Exclude the images and repeat all remaining entries exactly.
........
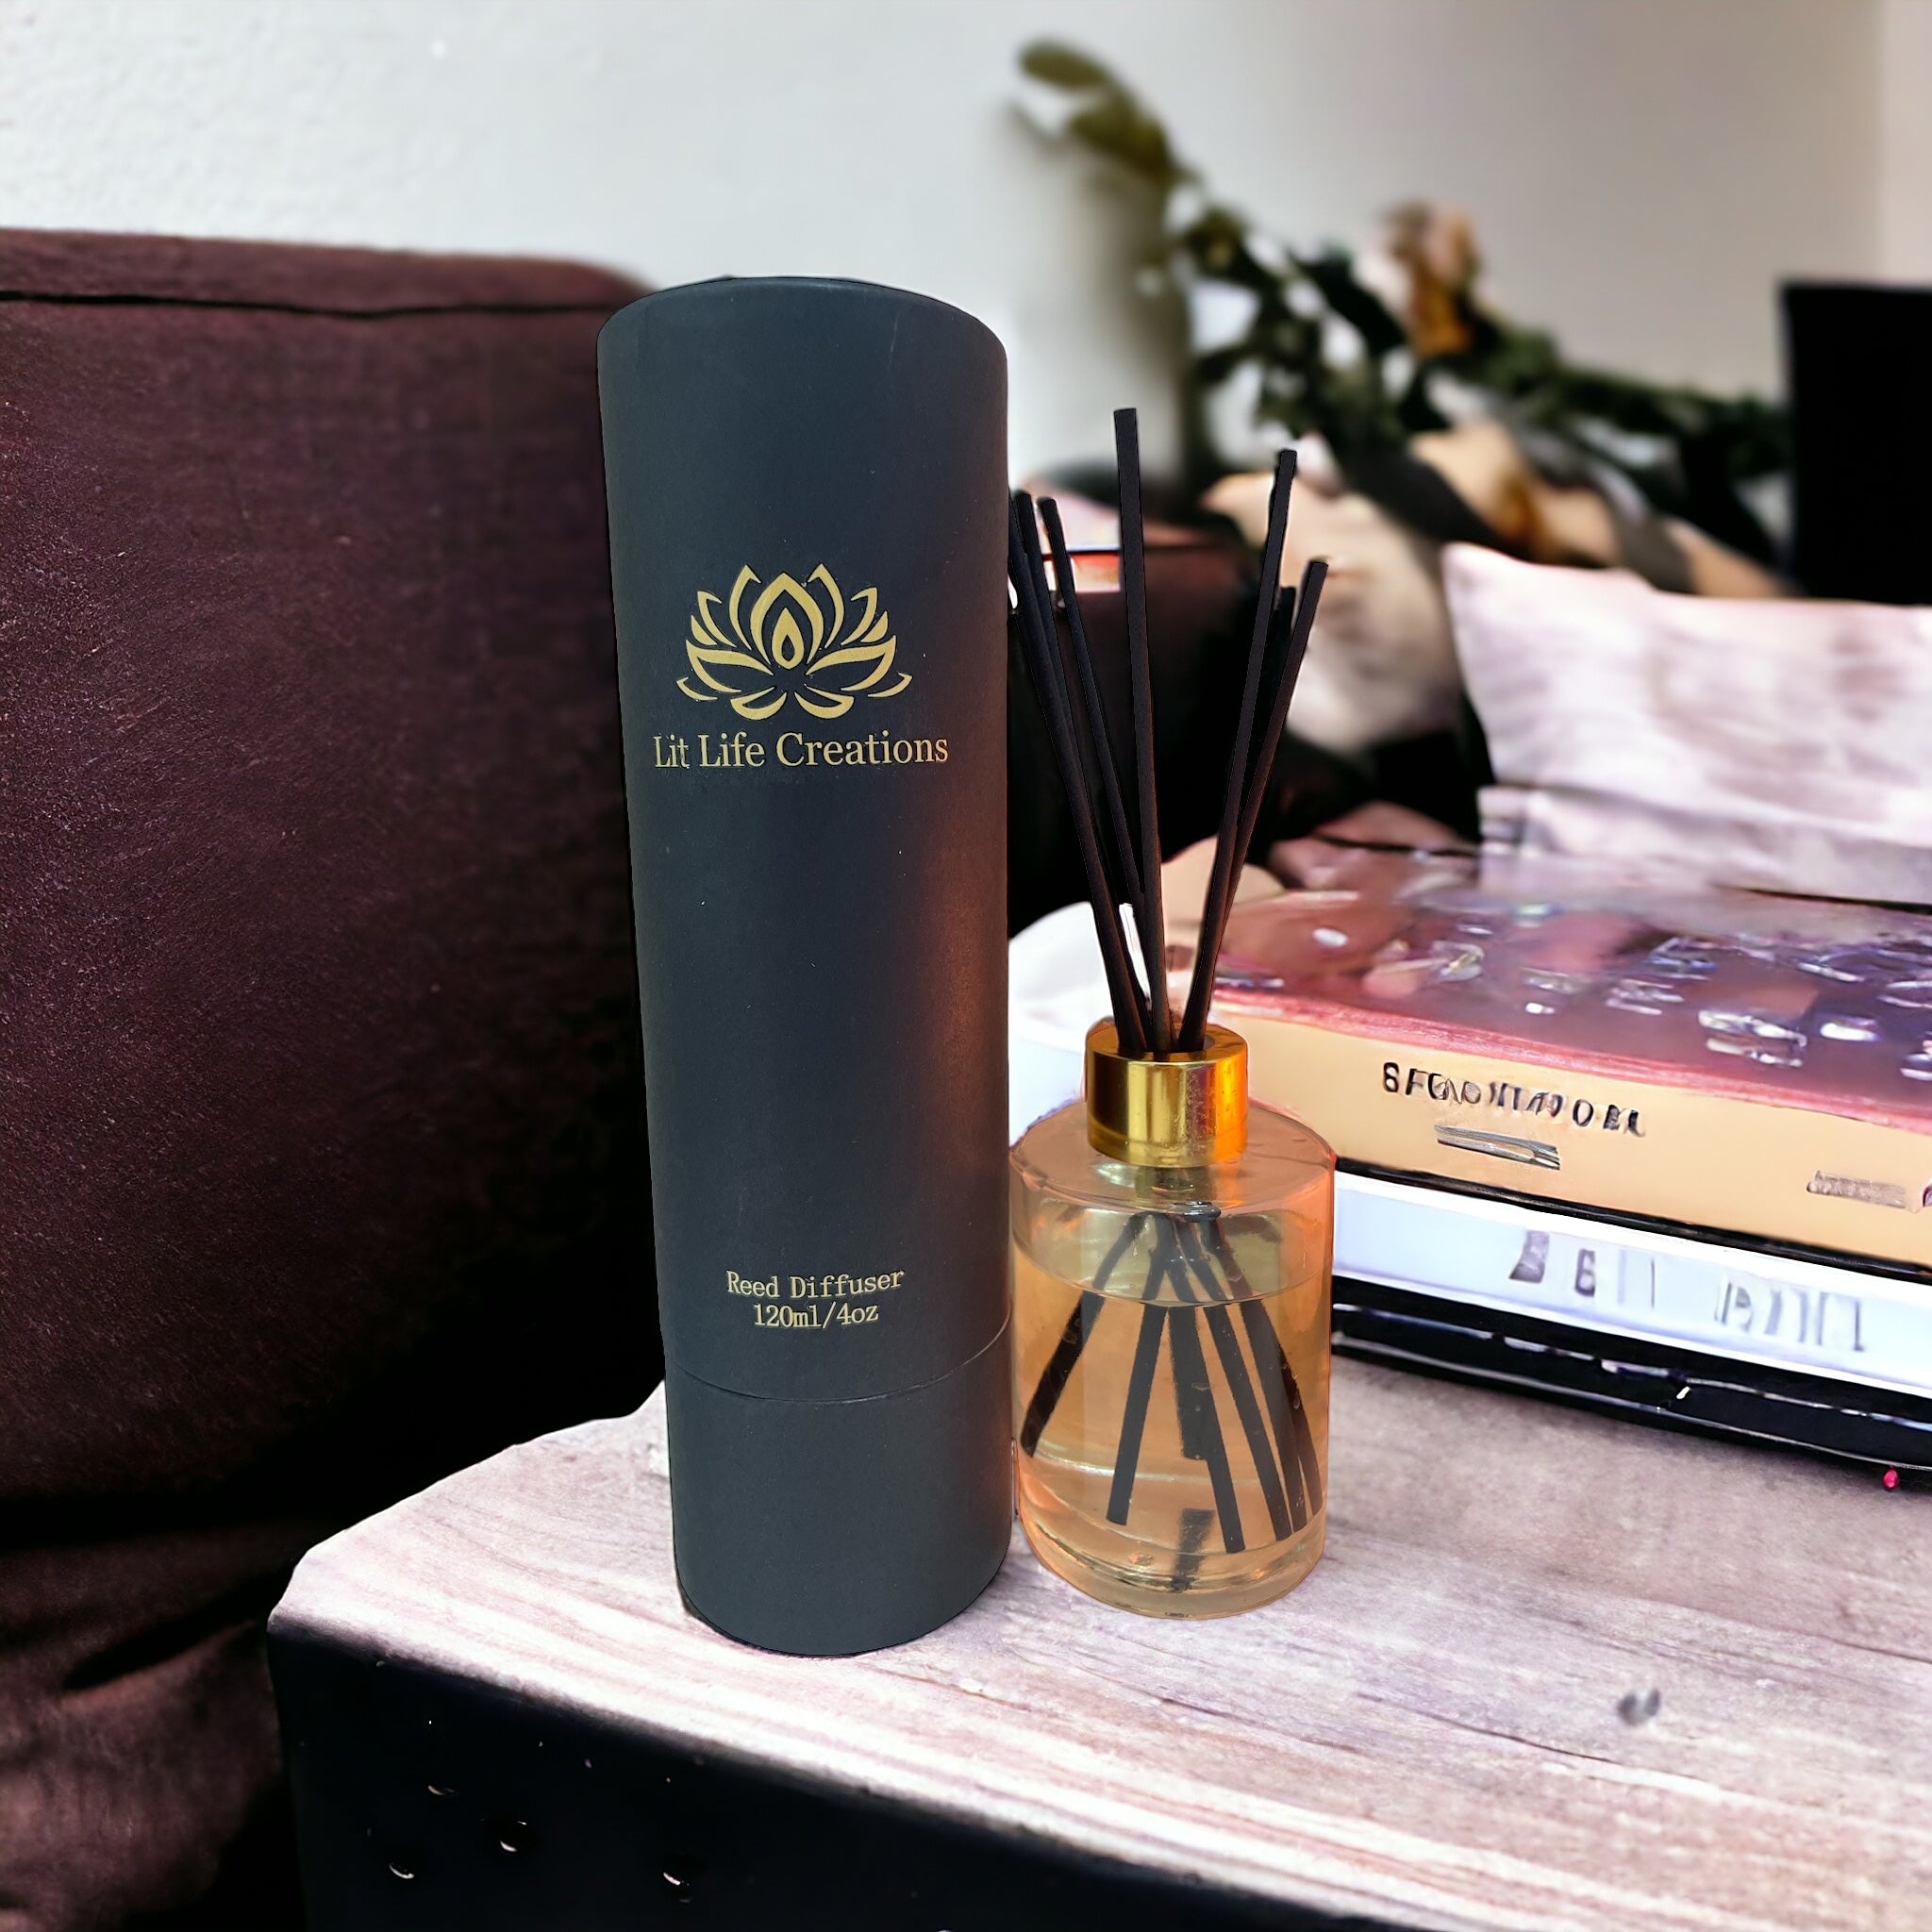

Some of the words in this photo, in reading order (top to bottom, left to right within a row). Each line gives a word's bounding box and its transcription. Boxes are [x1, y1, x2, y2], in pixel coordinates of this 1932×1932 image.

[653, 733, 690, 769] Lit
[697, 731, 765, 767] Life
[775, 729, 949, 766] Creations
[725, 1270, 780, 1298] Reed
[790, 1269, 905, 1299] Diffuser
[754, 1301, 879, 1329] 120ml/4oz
........
Result below:
Some of the words in this photo, in reading order (top to bottom, left to right within a row). Each line gives a word's bounding box and its transcription. Boxes are [x1, y1, x2, y2], in pixel coordinates of this 1932×1932 image.

[653, 733, 690, 769] Lit
[697, 731, 765, 767] Life
[775, 729, 949, 766] Creations
[725, 1270, 780, 1298] Reed
[790, 1269, 905, 1299] Diffuser
[754, 1301, 879, 1329] 120ml/4oz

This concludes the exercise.